Work required: Every record below should be retyped exactly, and no picture should appear in the copy.

Data for this exercise:
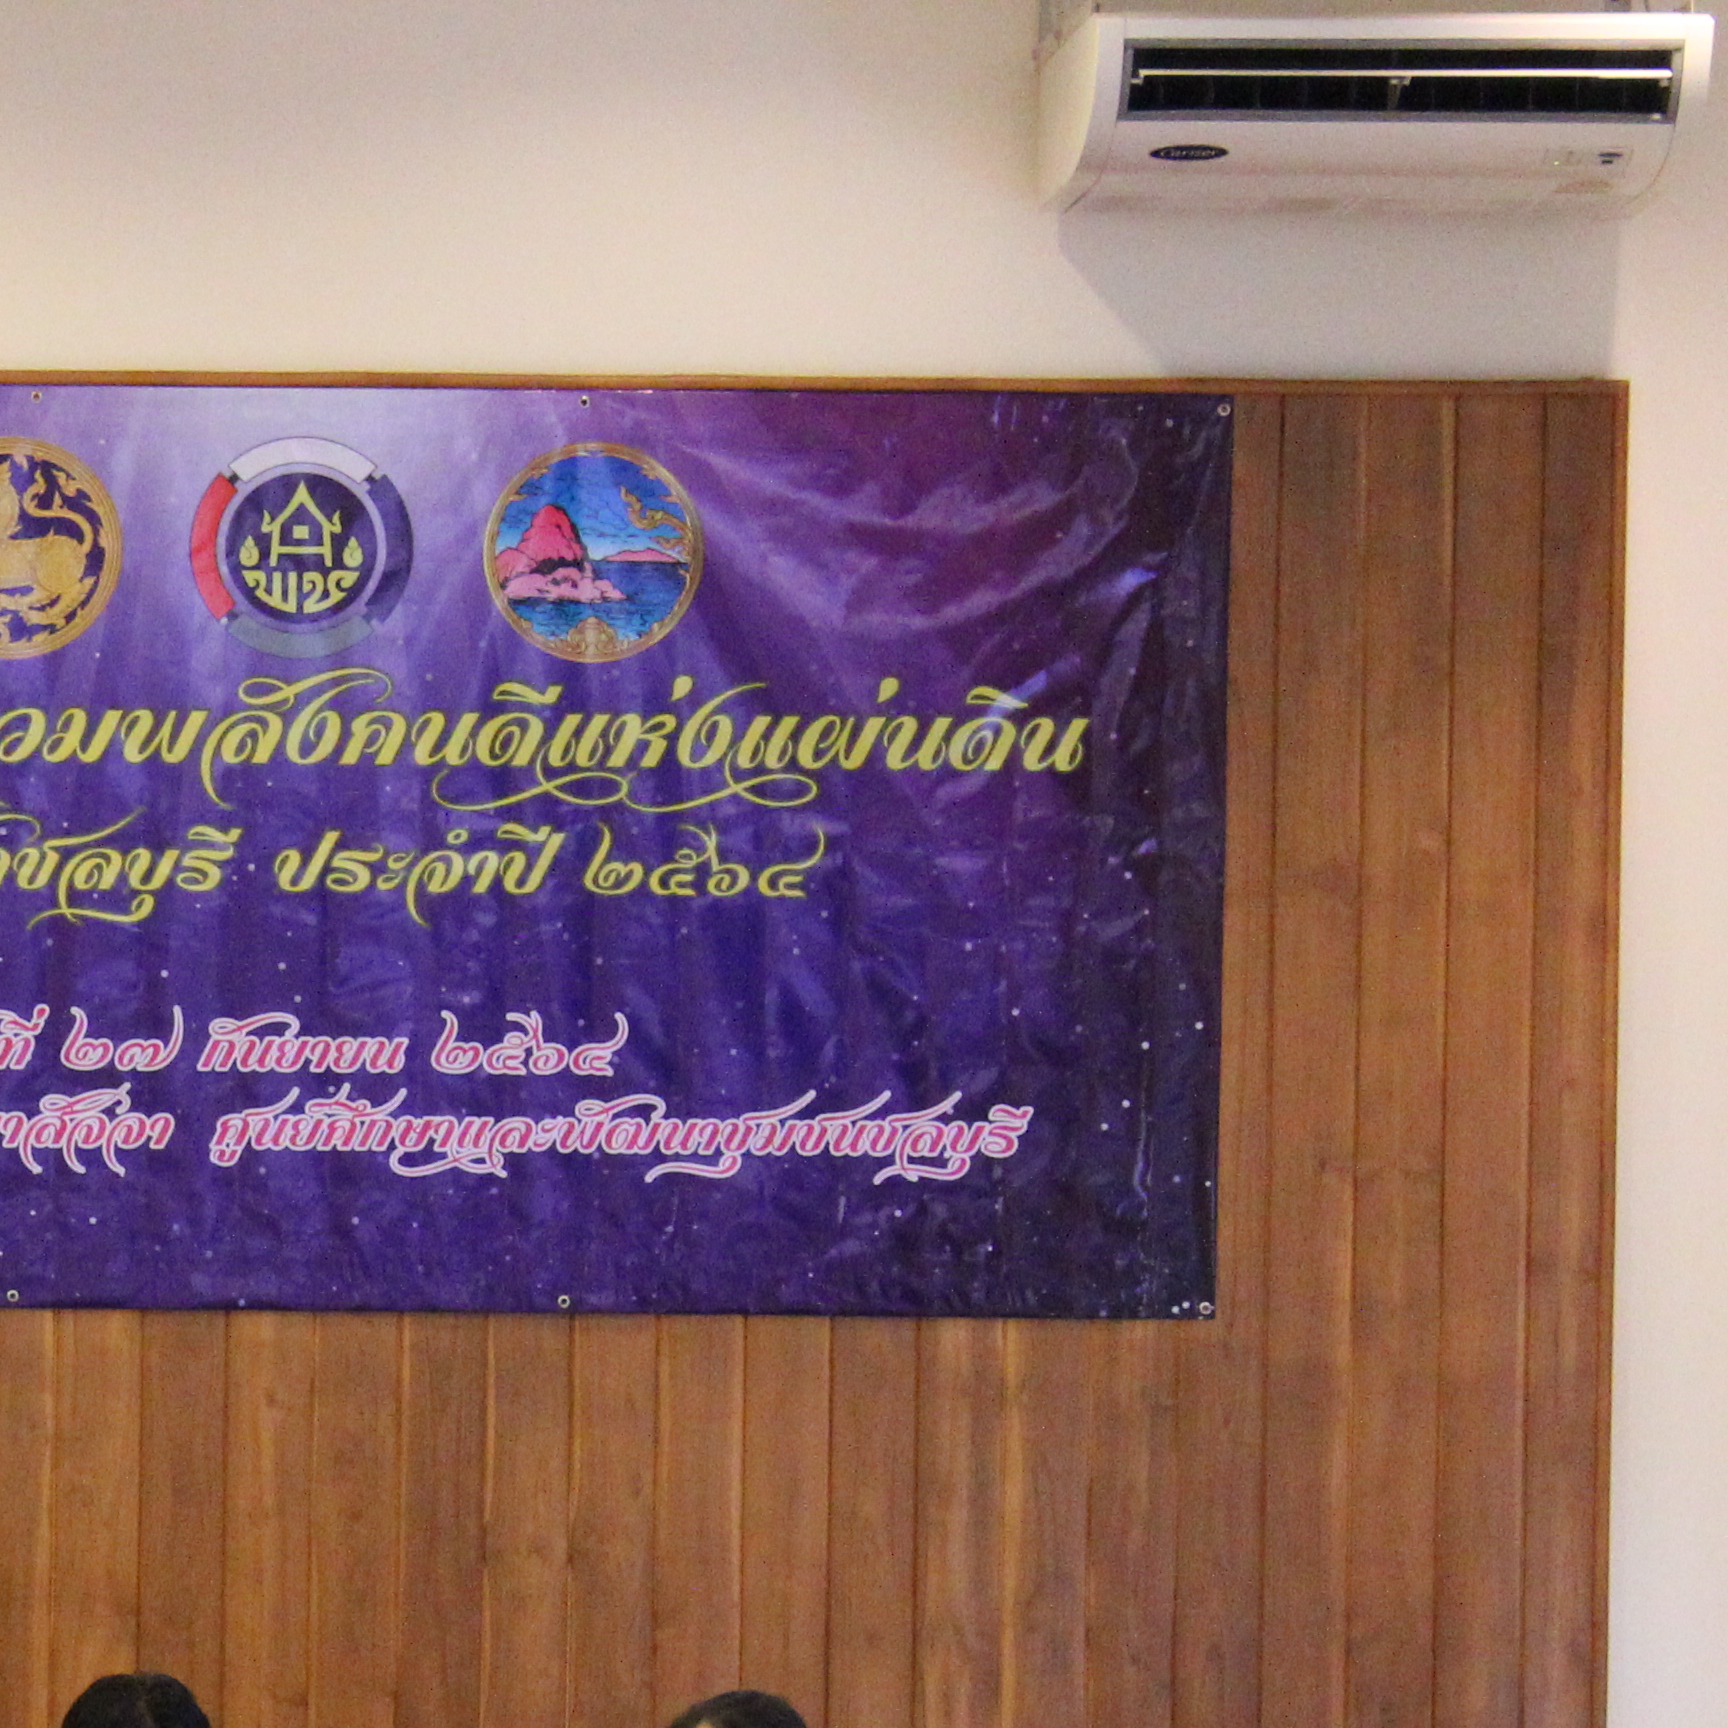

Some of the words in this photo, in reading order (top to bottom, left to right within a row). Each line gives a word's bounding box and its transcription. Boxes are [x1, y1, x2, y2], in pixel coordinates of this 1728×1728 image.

[274, 823, 565, 927] ประจำปี
[582, 821, 827, 898] ๒๕๖๔
[60, 1004, 185, 1072] ๒๗
[196, 1011, 410, 1074] กันยายน
[428, 1010, 630, 1077] ๒๕๖๔
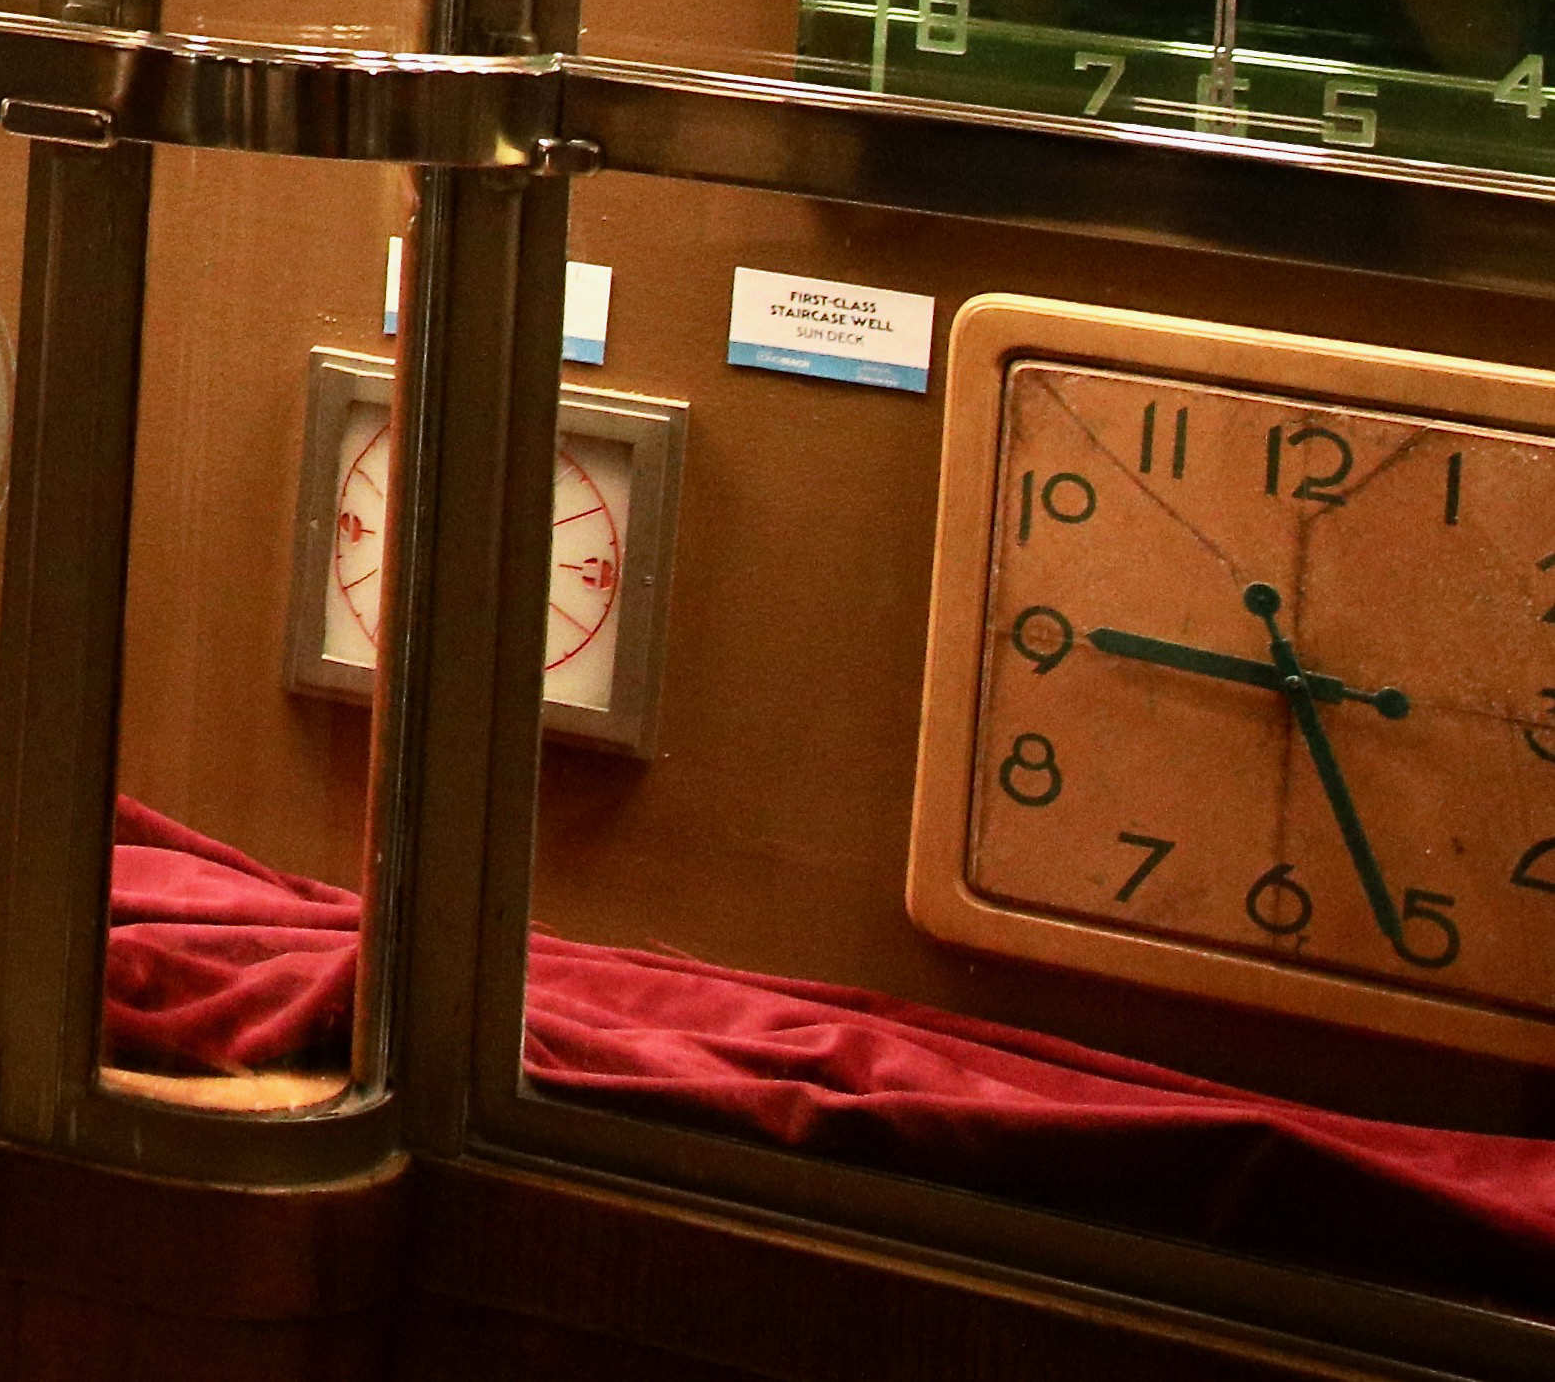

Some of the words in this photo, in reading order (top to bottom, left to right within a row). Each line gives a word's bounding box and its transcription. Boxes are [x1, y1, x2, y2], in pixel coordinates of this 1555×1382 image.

[1072, 51, 1126, 116] 7
[1320, 79, 1379, 149] 5
[1493, 54, 1546, 120] 4
[769, 304, 847, 326] STAIRCASE
[852, 315, 895, 333] WELL
[789, 290, 877, 314] FIRST-CLASS
[828, 330, 866, 347] DECK
[1139, 399, 1189, 481] 11
[1264, 424, 1355, 507] 12
[1015, 469, 1097, 547] 10
[1444, 451, 1463, 526] 1
[1010, 605, 1075, 675] 9
[998, 732, 1064, 808] 8
[1115, 831, 1175, 903] 7
[1245, 862, 1314, 936] 6
[1397, 888, 1462, 969] 5

Solution to the exercise:
Some of the words in this photo, in reading order (top to bottom, left to right within a row). Each line gives a word's bounding box and its transcription. Boxes are [x1, y1, x2, y2], in pixel coordinates of this 1728×1728 image.

[274, 823, 565, 927] ประจำปี
[582, 821, 827, 898] ๒๕๖๔
[60, 1004, 185, 1072] ๒๗
[196, 1011, 410, 1074] กันยายน
[428, 1010, 630, 1077] ๒๕๖๔

Some of the words in this photo, in reading order (top to bottom, left to right within a row). Each line gives a word's bounding box and its transcription. Boxes are [x1, y1, x2, y2], in pixel coordinates of this 1555×1382 image.

[1072, 51, 1126, 116] 7
[1320, 79, 1379, 149] 5
[1493, 54, 1546, 120] 4
[769, 304, 847, 326] STAIRCASE
[852, 315, 895, 333] WELL
[789, 290, 877, 314] FIRST-CLASS
[828, 330, 866, 347] DECK
[1139, 399, 1189, 481] 11
[1264, 424, 1355, 507] 12
[1015, 469, 1097, 547] 10
[1444, 451, 1463, 526] 1
[1010, 605, 1075, 675] 9
[998, 732, 1064, 808] 8
[1115, 831, 1175, 903] 7
[1245, 862, 1314, 936] 6
[1397, 888, 1462, 969] 5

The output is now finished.